■ Description of the task:
For this exercise, copy the records below exactly and exclude every image.

────────

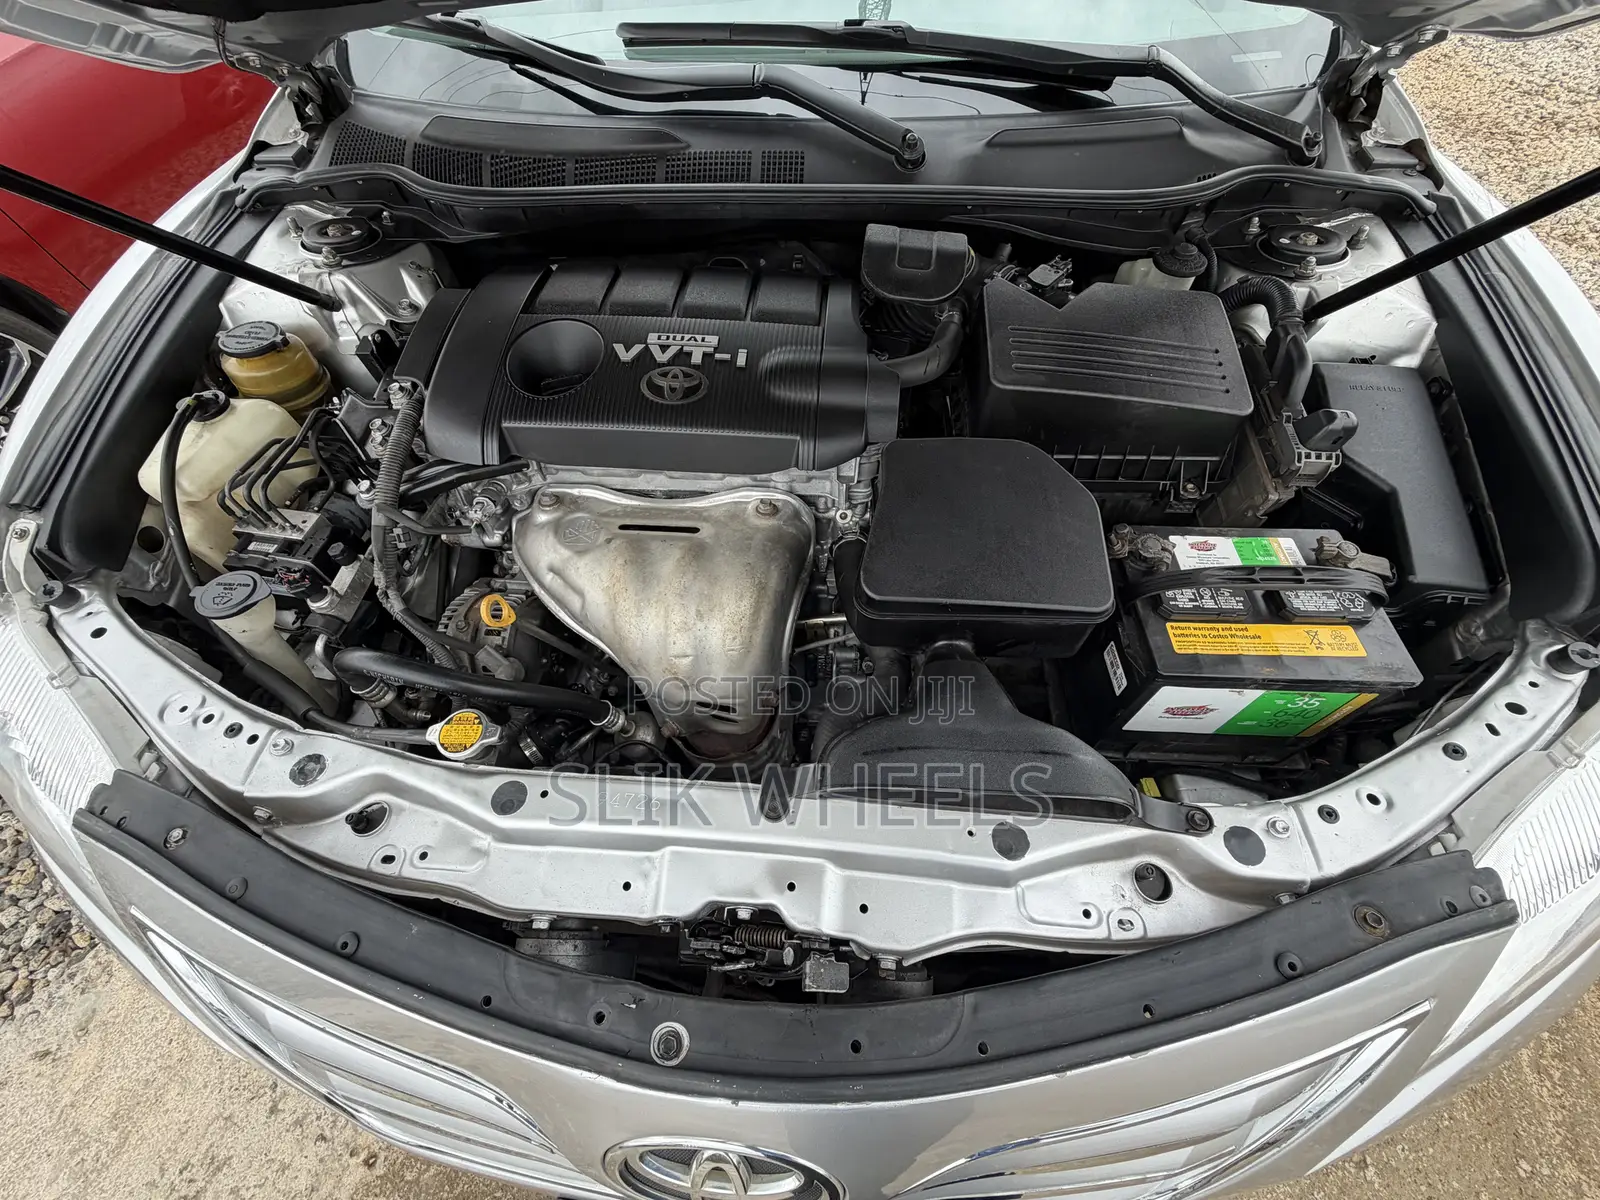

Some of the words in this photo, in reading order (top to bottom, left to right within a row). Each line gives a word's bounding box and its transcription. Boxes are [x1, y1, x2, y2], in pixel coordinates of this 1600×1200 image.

[657, 334, 712, 344] DUAL
[612, 342, 748, 368] VVT-i
[1170, 624, 1192, 632] Return
[1287, 697, 1327, 709] 35
[1273, 708, 1321, 719] 640
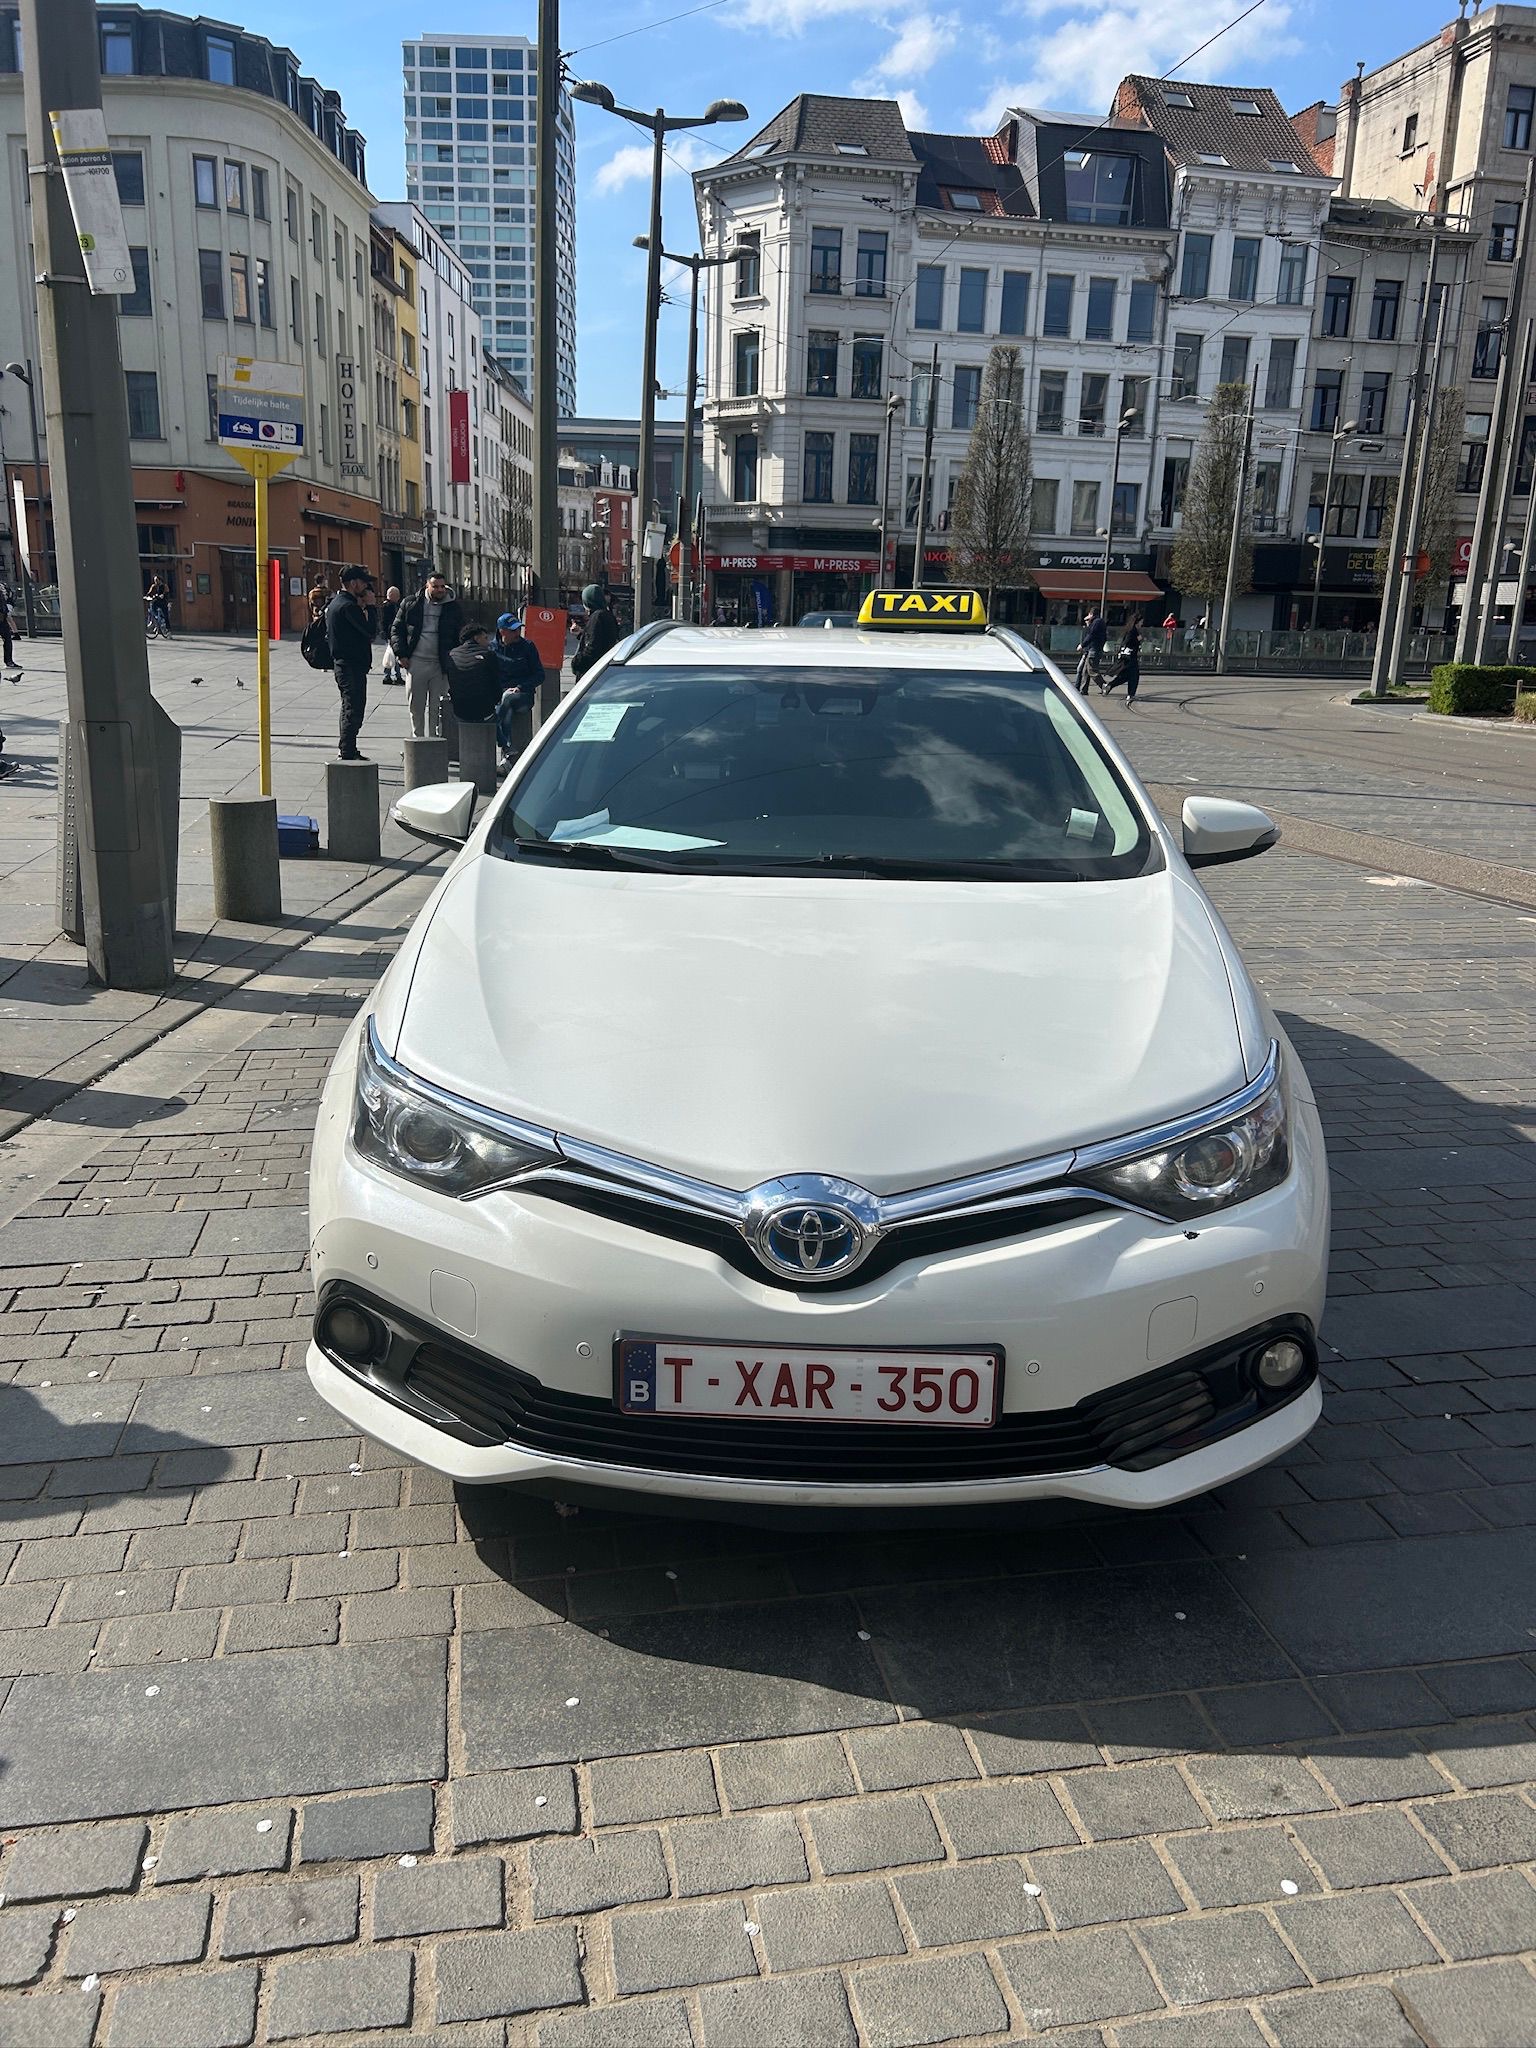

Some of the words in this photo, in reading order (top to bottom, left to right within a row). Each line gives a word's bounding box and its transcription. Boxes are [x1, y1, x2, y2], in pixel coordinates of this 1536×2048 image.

[80, 155, 101, 164] perron
[232, 396, 268, 408] Tijdelijke
[270, 400, 290, 410] halte
[340, 363, 354, 459] HOTEL
[342, 464, 365, 474] FLOX
[720, 558, 757, 568] M-PRESS
[814, 559, 860, 571] M-PRESS
[1346, 560, 1363, 570] DE
[877, 594, 970, 612] TAXI
[630, 1380, 650, 1402] B
[664, 1357, 980, 1414] T-XAR-350
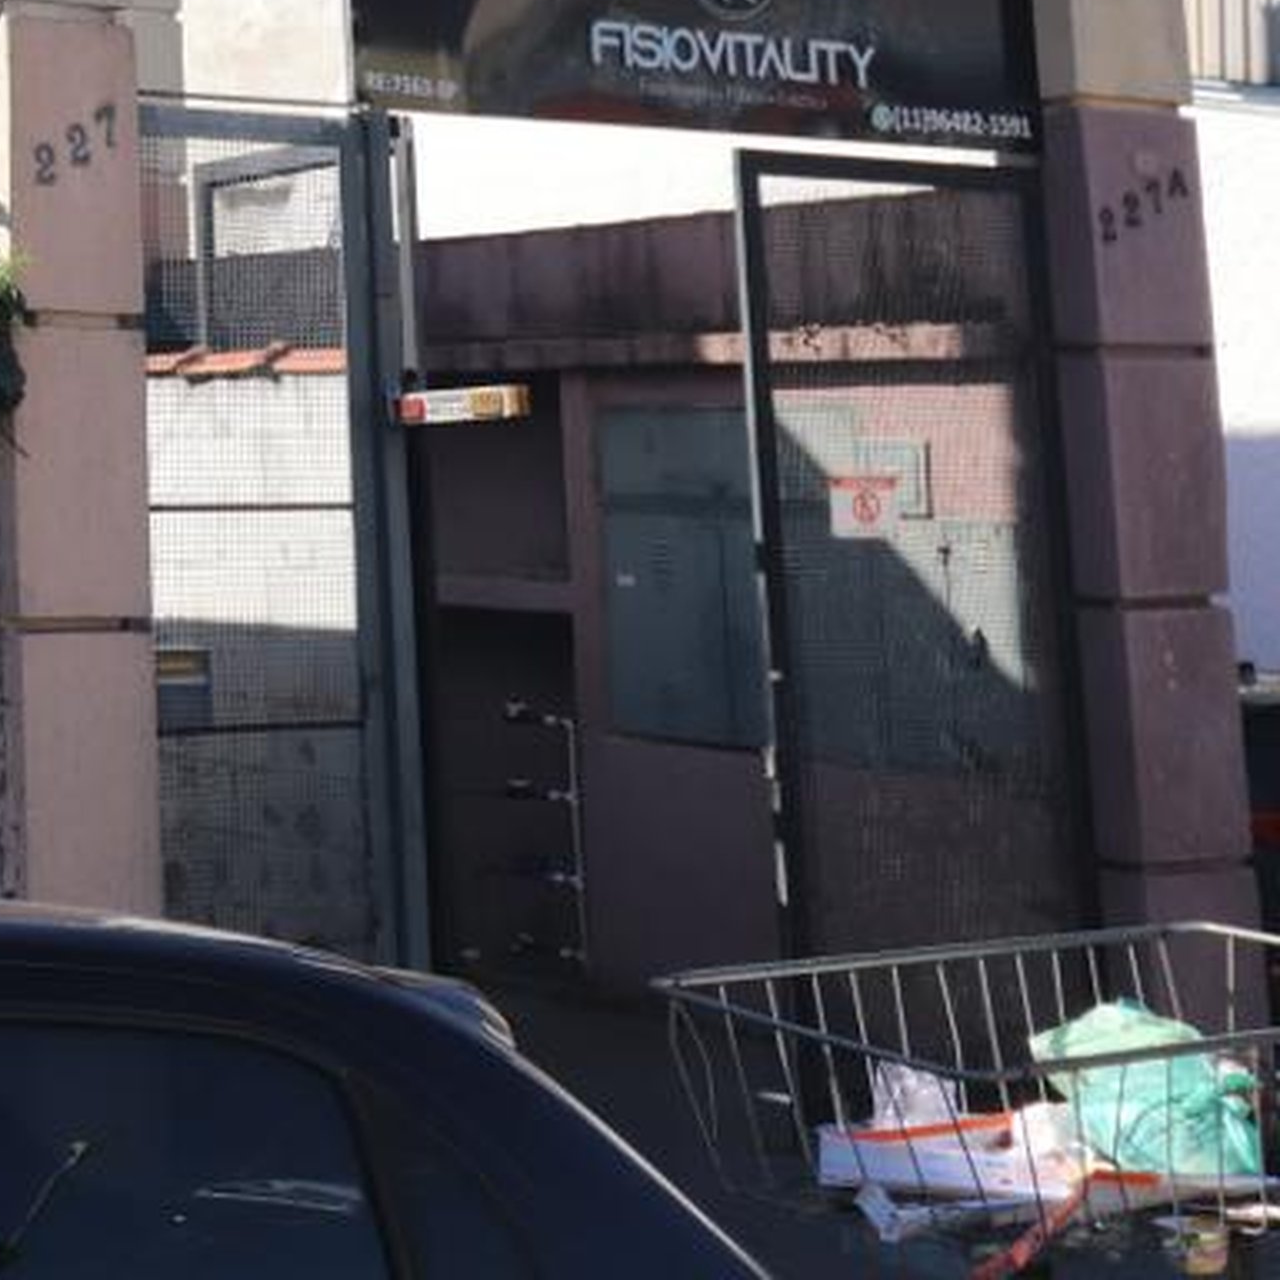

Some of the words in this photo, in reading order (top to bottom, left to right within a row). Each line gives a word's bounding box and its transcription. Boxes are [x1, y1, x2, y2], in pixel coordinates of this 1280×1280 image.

[591, 20, 875, 89] FISIOVITALITY
[34, 103, 117, 187] 227
[1098, 167, 1190, 242] 227A
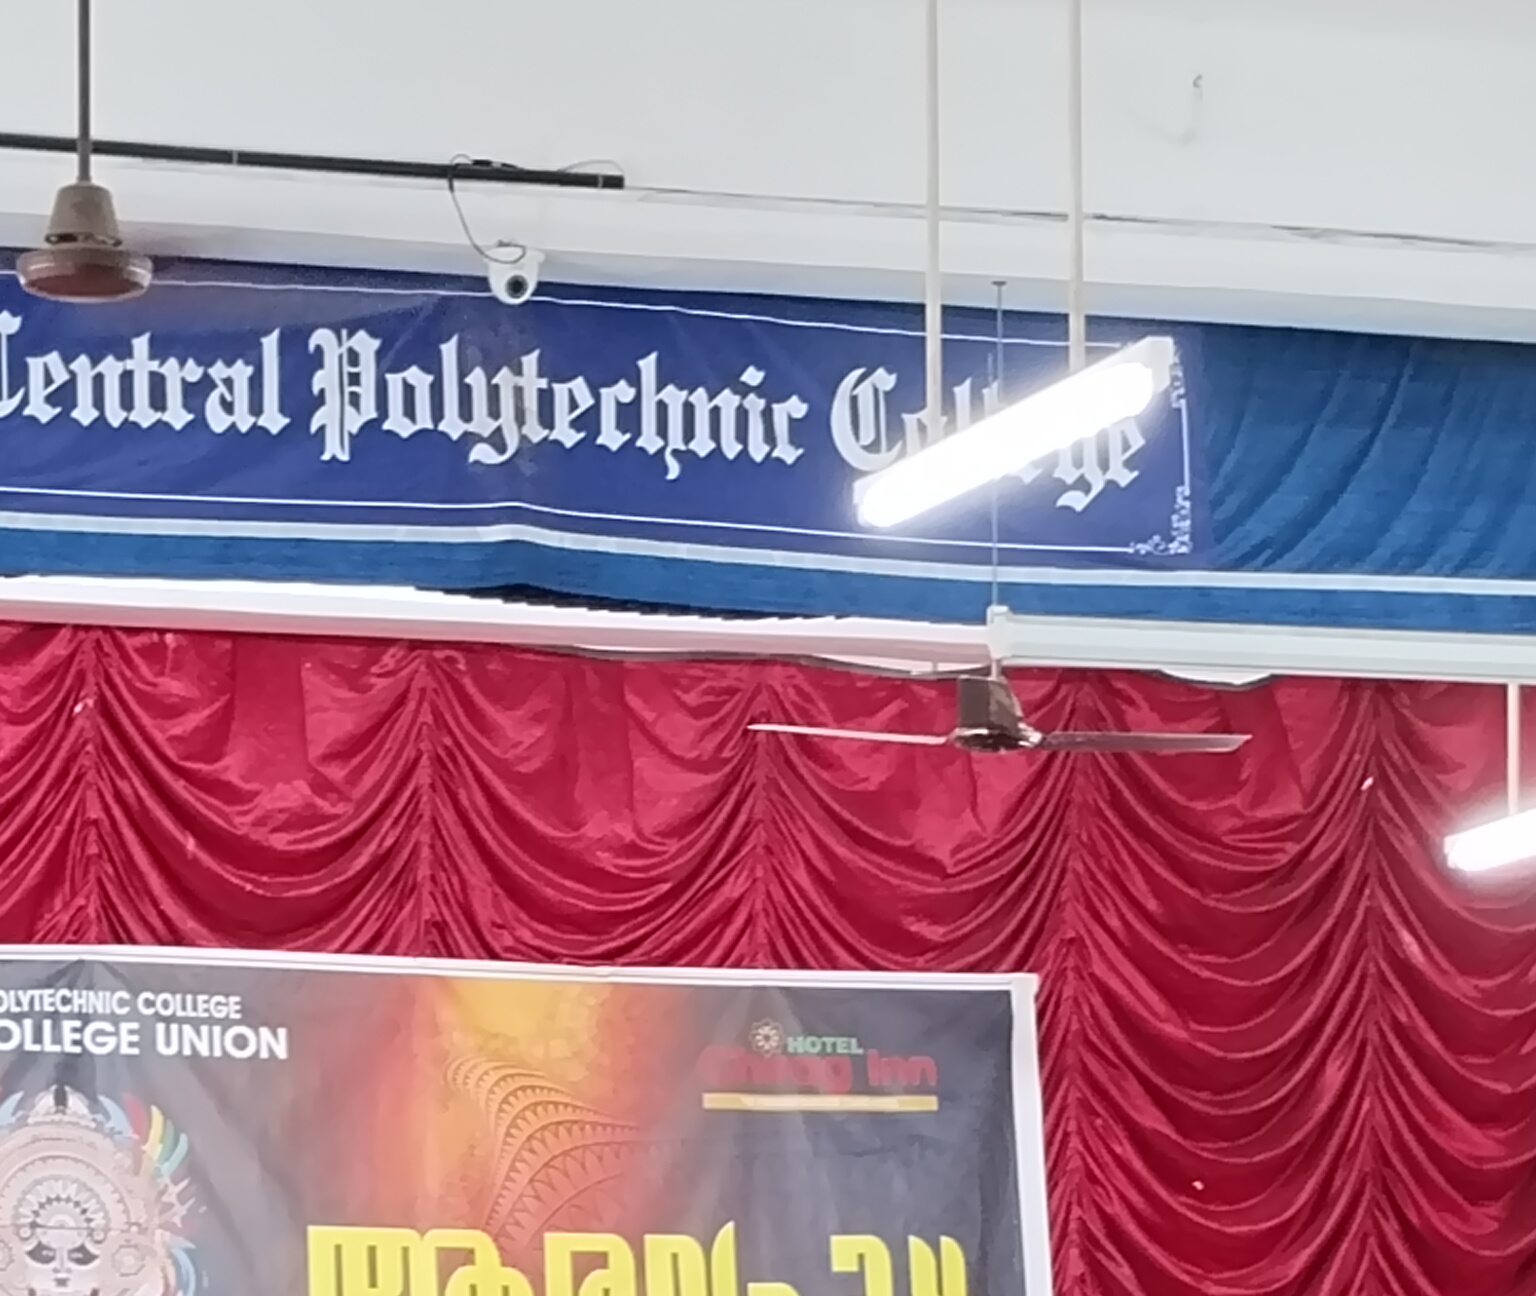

────────

■ Result:
Some of the words in this photo, in reading order (top to bottom, left to right within a row). Each line gives a word's bounding box and its transcription. Boxes are [x1, y1, x2, y2], in pixel coordinates of this 1600×1200 image.

[657, 334, 712, 344] DUAL
[612, 342, 748, 368] VVT-i
[1170, 624, 1192, 632] Return
[1287, 697, 1327, 709] 35
[1273, 708, 1321, 719] 640

Some of the words in this photo, in reading order (top to bottom, left to right within a row). Each line gives a word's bounding box and its transcription. Boxes are [x1, y1, x2, y2], in pixel coordinates of this 1536×2048 image.

[80, 155, 101, 164] perron
[232, 396, 268, 408] Tijdelijke
[270, 400, 290, 410] halte
[340, 363, 354, 459] HOTEL
[342, 464, 365, 474] FLOX
[720, 558, 757, 568] M-PRESS
[814, 559, 860, 571] M-PRESS
[1346, 560, 1363, 570] DE
[877, 594, 970, 612] TAXI
[630, 1380, 650, 1402] B
[664, 1357, 980, 1414] T-XAR-350

Some of the words in this photo, in reading order (top to bottom, left to right within a row). Each line gives a word's bounding box and its transcription. Boxes are [x1, y1, x2, y2], in pixel coordinates of this 1280×1280 image.

[591, 20, 875, 89] FISIOVITALITY
[34, 103, 117, 187] 227
[1098, 167, 1190, 242] 227A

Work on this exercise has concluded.